◆ **PROVIDED DATA**
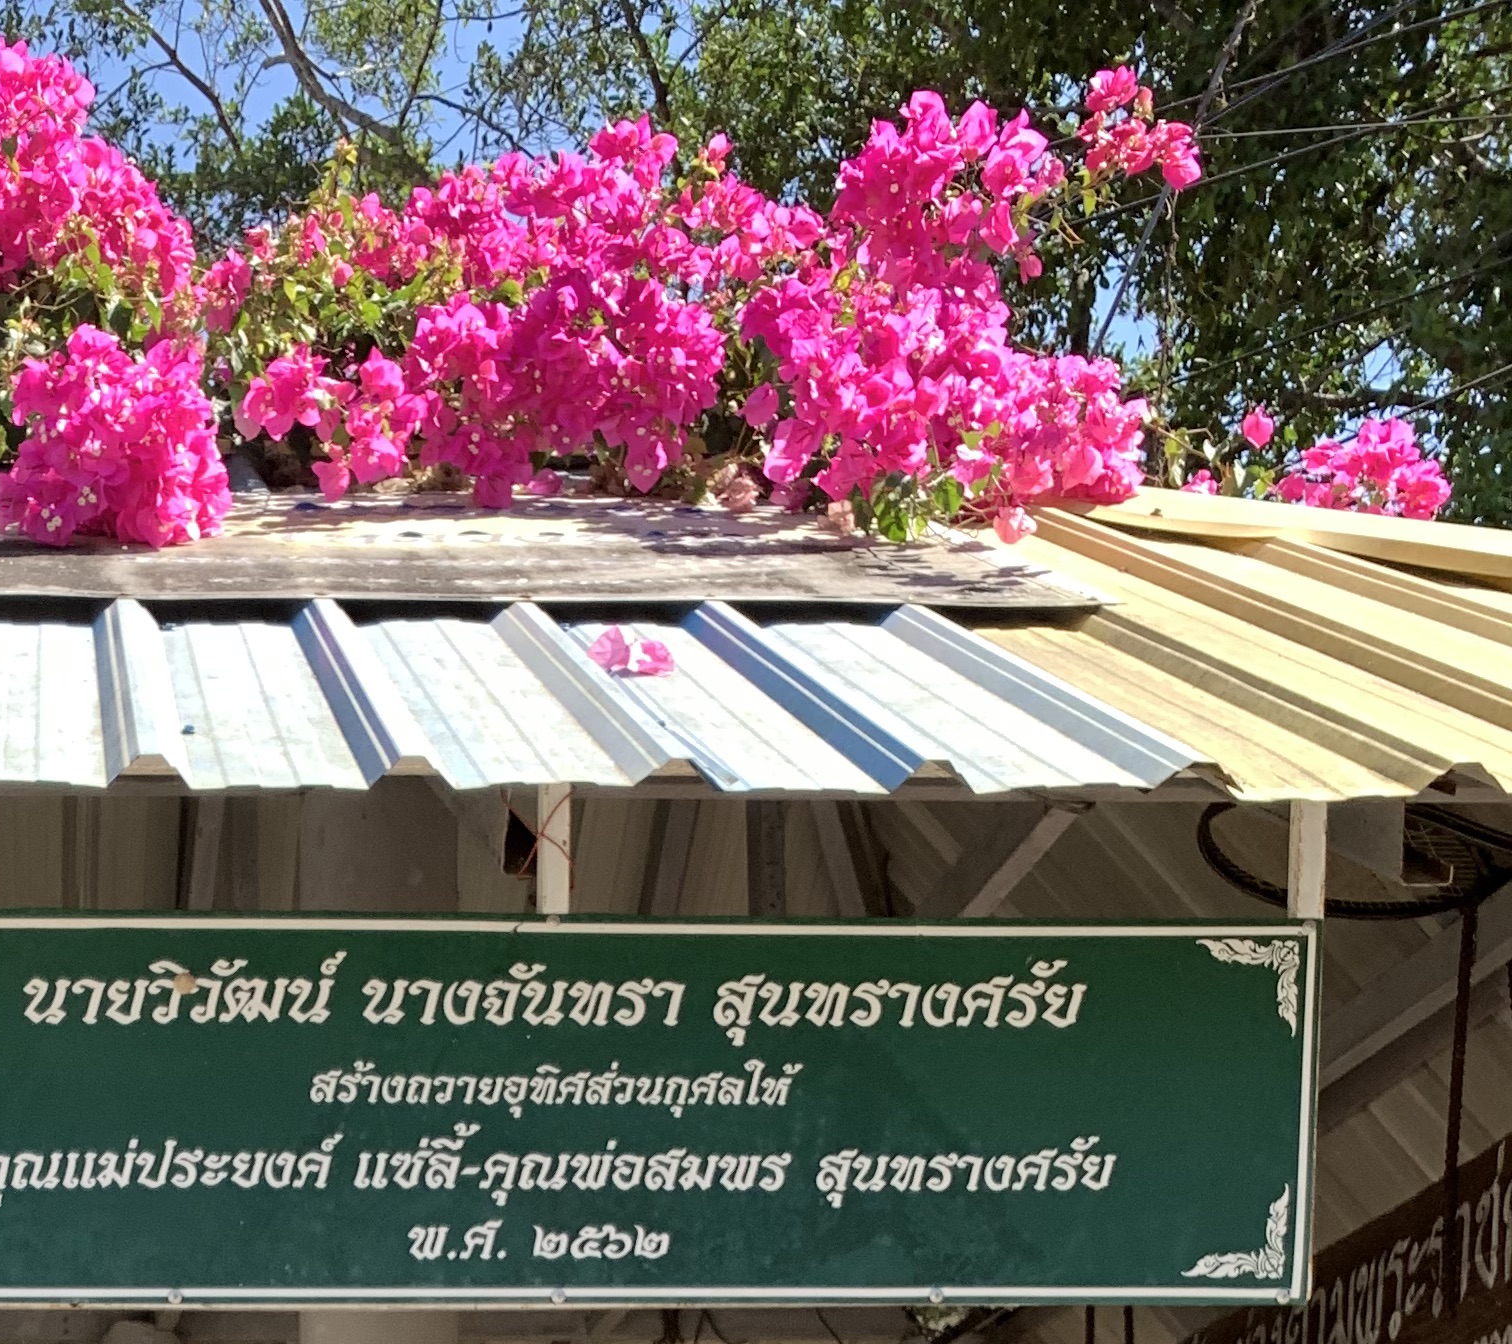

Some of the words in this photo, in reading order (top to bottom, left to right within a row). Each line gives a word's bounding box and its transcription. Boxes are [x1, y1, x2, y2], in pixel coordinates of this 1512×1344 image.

[23, 951, 348, 1026] นายวิวัฒน์
[362, 962, 687, 1027] นางจันทรา
[713, 959, 1088, 1047] สุนทรางศรัย
[309, 1058, 804, 1119] สร้างถวายอุทิศส่วนกุศลให้
[814, 1135, 1118, 1209] สุนทรางศรัย
[406, 1219, 507, 1262] พ.ศ.
[532, 1223, 671, 1261] ๒๕๖๒

◆ **TASK DETAILS**
The pictures are not wanted, but every line of the listing should be duplicated exactly.

◆ **WRITTEN ANSWER**
Some of the words in this photo, in reading order (top to bottom, left to right within a row). Each line gives a word's bounding box and its transcription. Boxes are [x1, y1, x2, y2], in pixel coordinates of this 1512×1344 image.

[23, 951, 348, 1026] นายวิวัฒน์
[362, 962, 687, 1027] นางจันทรา
[713, 959, 1088, 1047] สุนทรางศรัย
[309, 1058, 804, 1119] สร้างถวายอุทิศส่วนกุศลให้
[814, 1135, 1118, 1209] สุนทรางศรัย
[406, 1219, 507, 1262] พ.ศ.
[532, 1223, 671, 1261] ๒๕๖๒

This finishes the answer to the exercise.